Wang’s company continued to deny military involvement in a court challenge to the Defense Department’s blacklisting but lost the case in September 2025. DJI was also blacklisted by the Federal Communications Commission but has protested this classification by appealing in the court system in February 2026.

In 2022, Wang was contacted by former Ukrainian Vice Prime Minister Mykhailo Fedorov, who claimed DJI products were assisting Russia’s military campaign and asked for DJI to share information about and restrict their use. Wang’s company said it did not intend any military involvement, and it proposed minimizing DJI drone activity in Ukraine through the use of a geofence; DJI subsequently ceased sales in both Russia and Ukraine in April 2022.

== Accomplishments and accolades ==
DJI’s scale under Frank Wang has been described in both market-share estimates and public-sector usage. In 2015, Reuters reported that DJI held “about 70 percent of the commercial market worldwide,” and that it generated nearly $500 million in revenue in 2014. The same article described DJI as having established “a strong early lead in the U.S. commercial market.” Subsequent reporting continued to describe DJI’s scale in global markets. In 2018, an Institute of Electrical and Electronics Engineers article stated that DJI had no real competitor in the personal-use, nonmilitary drone market. In 2021, Reuters reported that the company had a “near-80% market share in consumer drones last year in the United States.”
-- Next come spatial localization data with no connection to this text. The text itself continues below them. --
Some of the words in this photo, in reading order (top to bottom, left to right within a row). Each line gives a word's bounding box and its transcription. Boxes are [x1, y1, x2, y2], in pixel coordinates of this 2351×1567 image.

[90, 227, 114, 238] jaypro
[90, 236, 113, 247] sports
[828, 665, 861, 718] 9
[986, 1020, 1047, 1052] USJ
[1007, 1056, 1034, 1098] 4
In 2016, Frank Wang was ranked #96 on The Creators business visionaries list by Business Insider for his contribution in kickstarting the consumer drone market with DJI. He was named the first "drone billionaire" by Forbes.

In 2019, Wang and Li Zexiang were recipients of the IEEE Robotics and Automation Award, which recognizes “contributions in the field of robotics and automation.”
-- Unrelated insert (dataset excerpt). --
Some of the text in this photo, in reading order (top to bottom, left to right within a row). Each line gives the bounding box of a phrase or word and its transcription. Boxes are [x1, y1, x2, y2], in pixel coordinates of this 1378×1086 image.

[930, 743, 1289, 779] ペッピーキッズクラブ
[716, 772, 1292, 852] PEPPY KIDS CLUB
In 2020, Wang became a laureate of the Asian Scientist 100 by the Asian Scientist.

In October 2022, Bloomberg described DJI as “the world's largest manufacturer of consumer drones.” The article also referred estimated his net worth at $3.4 billion. By then, over 500 law enforcement agencies across the United States used DJI aircraft for tasks including searches and scene documentation.

== Availability and expansion across sectors ==
Coverage of DJI’s consumer products has emphasized how their packaged stabilization and navigation features broadened access to aerial photography. Consumer magazine Popular Mechanics described the Phantom drone series as “the first gyro-stabilized quadcopter with GPS that came in a nice, pre-assembled package,” contrasting it with earlier quadcopter that were “extremely difficult to control.” Coverage of the company has emphasized how this accessibility helped push drones into routine commercial workflows, from filmmaking to mapping. In 2015, the company also expanded into agriculture with a drone designed “specifically for spraying crops”. Magazine DroneLife reported that DJI had treated over 500 million hectares and saved approximately 222 million tons of water by the end of 2024.